Os laços de Andrea Pirlo com uma casa russa de apostas abriram um caso nacional: a ideia que começa a se espalhar é que a rejeição “política” poderia ser um pretexto para contornar a escolha feita por Paolo Maldini, diretor técnico da Itália.
Maldini está do lado de Pirlo: se Andrea sair, ele considerará se afastar do cargo na Federação Italiana de Futebol.
Acompanhe relato da Gazzetta dello Sport na mais recente crise da Seleção Italiana:
por Carlo Tagliagambe, Gazzetta dello Sport, 26 julho 2026 (15h20)
E agora? O que aconteceria se a nomeação de Andrea Pirlo como novo técnico da seleção realmente fracassasse?
É difícil dizer neste momento. No entanto, é evidente que a escolha de outro treinador também poderia mudar os rumos da nova (ou melhor, totalmente nova) Federação de Futebol, que começou — lembremos — sob a bandeira do “acordo total”, expressa na coletiva de imprensa após a Assembleia da Liga. Mas vamos por partes.
A história
Após a tentativa frustrada de contratar Pep Guardiola, o diretor técnico Paolo Maldini e o assessor Leonardo propuseram apenas um nome para a revitalização da seleção nacional: Andrea Pirlo. Futebol moderno, um projeto a longo prazo e sem preocupações com salários acima do orçamento. Quando tudo parecia estar se encaminhando para o sucesso, uma reviravolta dramática aconteceu: uma questão de oportunidade também se tornou uma questão política. Um obstáculo considerável para um presidente federal recém-eleito.
Laços de Pirlo com a empresa russa de apostas Fonbet (da qual é embaixador global) e com o oligarca Sergey Lomakin (atual presidente do Manchester United) criaram uma verdadeira controvérsia nacional, difícil de contornar. Este é um cenário para o qual Paolo Maldini — um homem do futebol e dos campos — certamente não estava preparado: a repercussão das últimas horas o teria deixado atônito.

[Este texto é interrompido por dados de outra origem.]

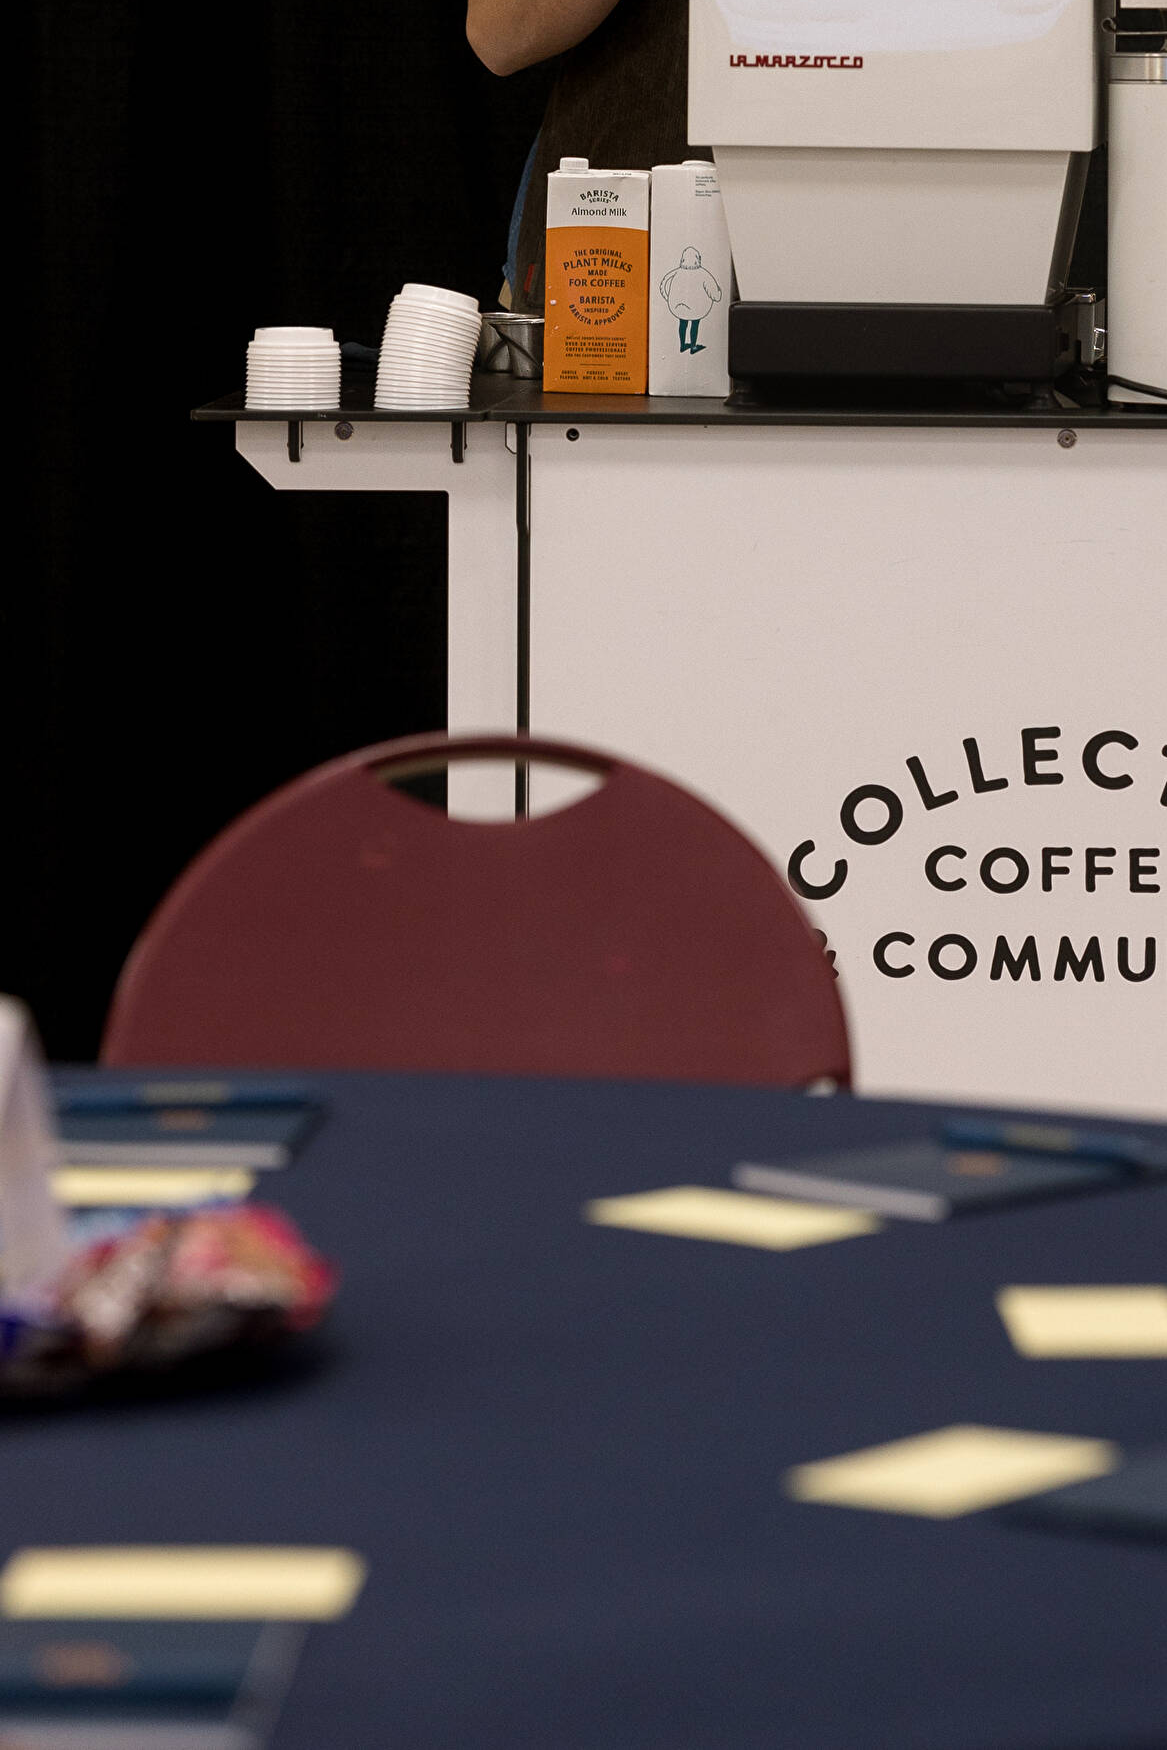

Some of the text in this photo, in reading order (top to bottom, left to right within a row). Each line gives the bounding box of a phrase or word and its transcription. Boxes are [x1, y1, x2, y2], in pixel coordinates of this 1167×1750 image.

[580, 190, 619, 203] BARISTA
[571, 207, 627, 217] Almond Milk
[574, 248, 622, 259] THE ORIGINAL
[563, 257, 633, 273] PLANT MILKS
[569, 278, 626, 288] FOR COFFEE
[579, 296, 615, 304] BARISTA
[569, 304, 591, 325] BARISTA

Enquanto antes ele tinha que defender Pirlo do ponto de vista técnico, algo que está totalmente dentro de suas atribuições, agora ele se vê obrigado a justificar sua escolha para um mundo completamente estranho a ele: o da política.
Rejeição política
Um contexto no qual Giovanni Malagò, porém, graças à sua experiência pessoal e profissional, sabe navegar com agilidade. Por isso, aos primeiros rumores de incompatibilidade de Pirlo com o novo cargo, ele imediatamente começou a sondar o terreno, chegando a tentar conversar com Maldini.

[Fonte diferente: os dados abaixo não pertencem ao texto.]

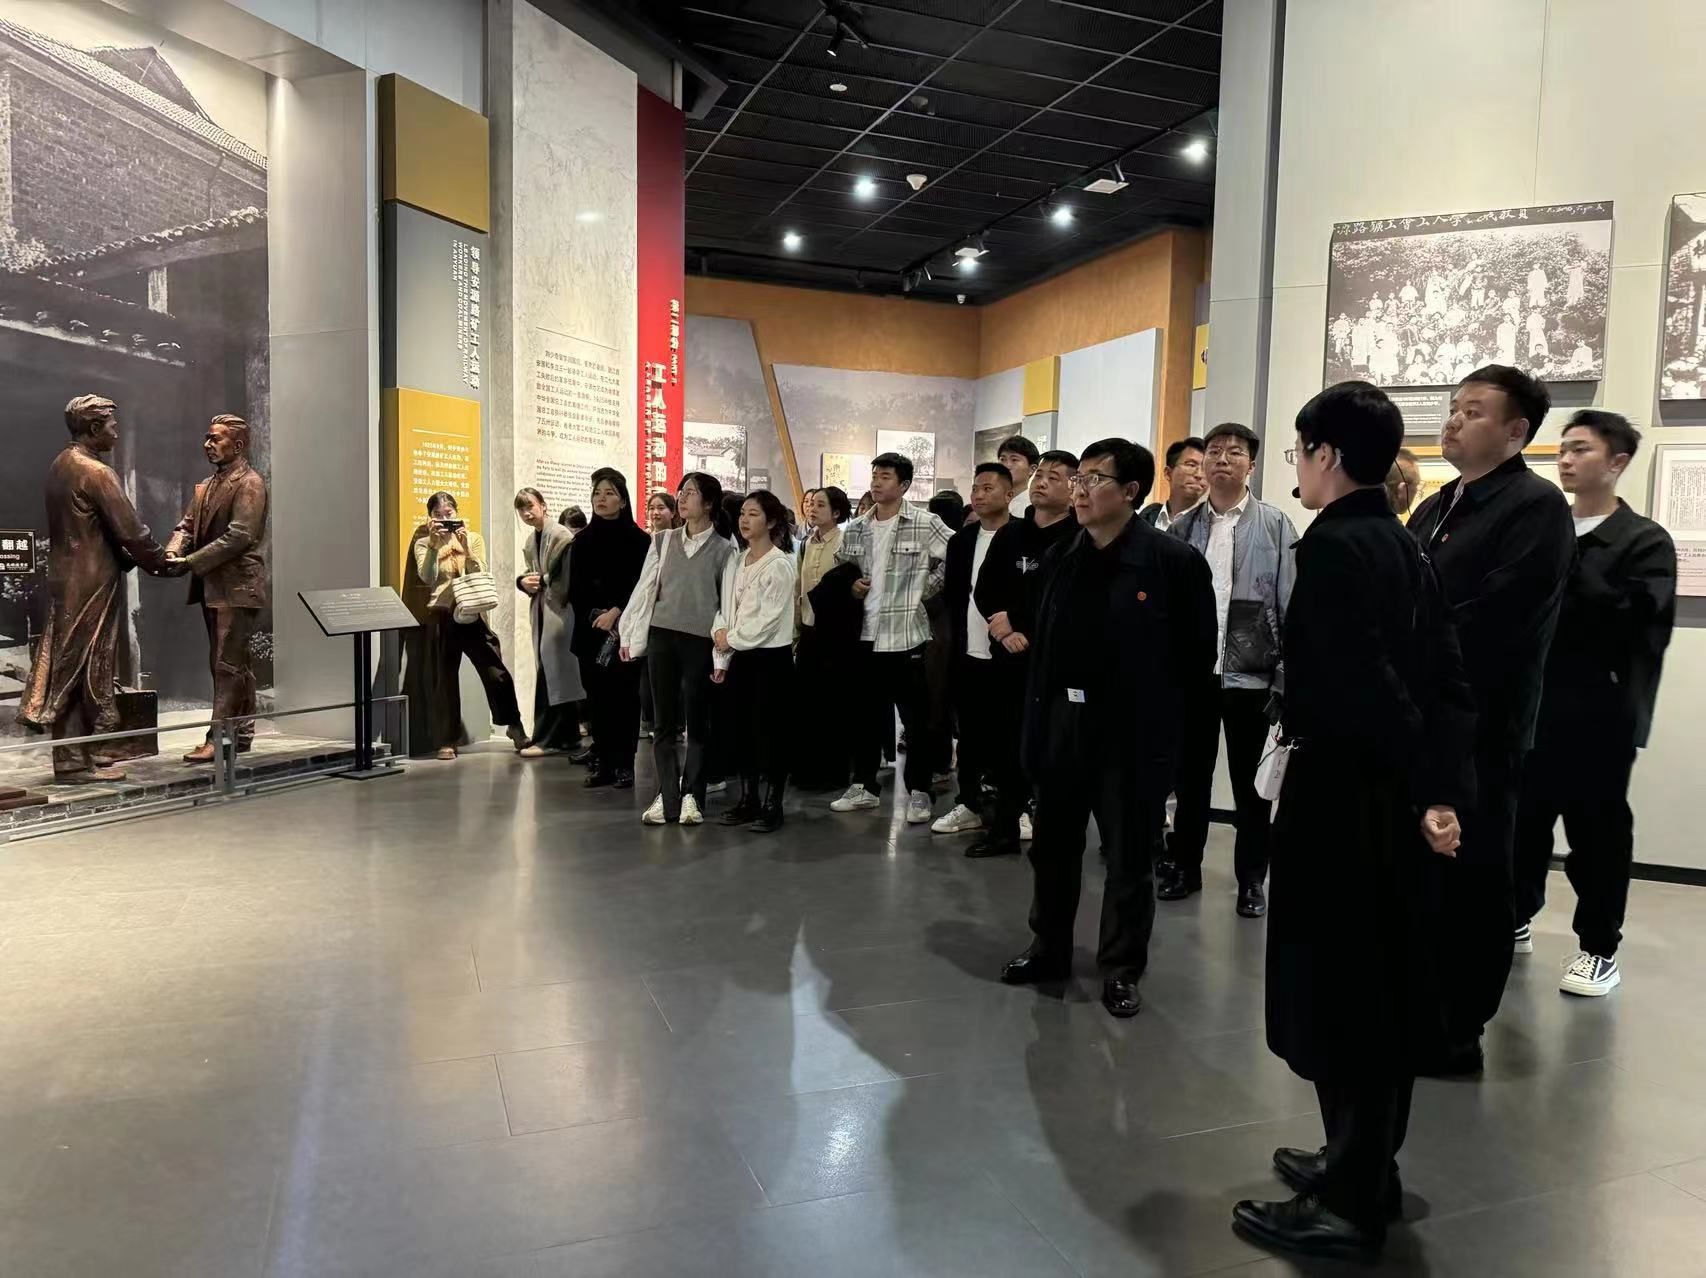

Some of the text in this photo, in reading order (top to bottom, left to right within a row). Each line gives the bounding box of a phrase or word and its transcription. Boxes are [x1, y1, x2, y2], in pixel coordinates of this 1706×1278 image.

[652, 362, 667, 494] 工人运动的
[2, 539, 29, 550] 翻越

Por que não Mancini ou Conte? O diretor técnico respondeu negativamente, querendo um treinador moderno que, acima de tudo, abrace um projeto a longo prazo: Conte costuma reformular o elenco a cada dois anos, enquanto Mancini, por outro lado, ainda não convence devido à forma como se despediu da Seleção em 2023. A ideia que começa a surgir na mente de muitos (quem sabe se também na de Maldini…) é que a rejeição “política” de Pirlo poderia ser um pretexto para contornar a decisão do diretor técnico. Francamente, isso chocou tanto a cúpula da federação quanto o público, que, depois de três Copas do Mundo como espectador, esperava um perfil diferente.
Agora é a vez de Leo
Será que já se vislumbram sinais de desacordo? É cedo demais para dizer. Maldini aceitou a proposta de Málago após uma longa negociação, mas somente depois de receber sinal verde para escolher um novo treinador. Esse foi o ponto crucial de uma negociação longa e complexa.
O ex-jogador do Milan sempre teve um caráter forte e decisivo, como demonstrou inúmeras vezes ao longo de sua carreira, dentro e fora de campo. Considerando o desentendimento com o presidente do Milan, Gerry Cardinale, irreparável, ele preferiu deixar o clube a permanecer em uma convivência forçada. Isso é ainda mais verdadeiro agora que ele não tem mais a capacidade de tomar decisões independentes.
Nesse caso, porém, a figura decisiva pode ser Leonardo. Tecnicamente, ele é um conselheiro. Na prática, ele poderia se ver atuando como mediador entre as partes na (não tão remota) eventualidade de as coisas piorarem.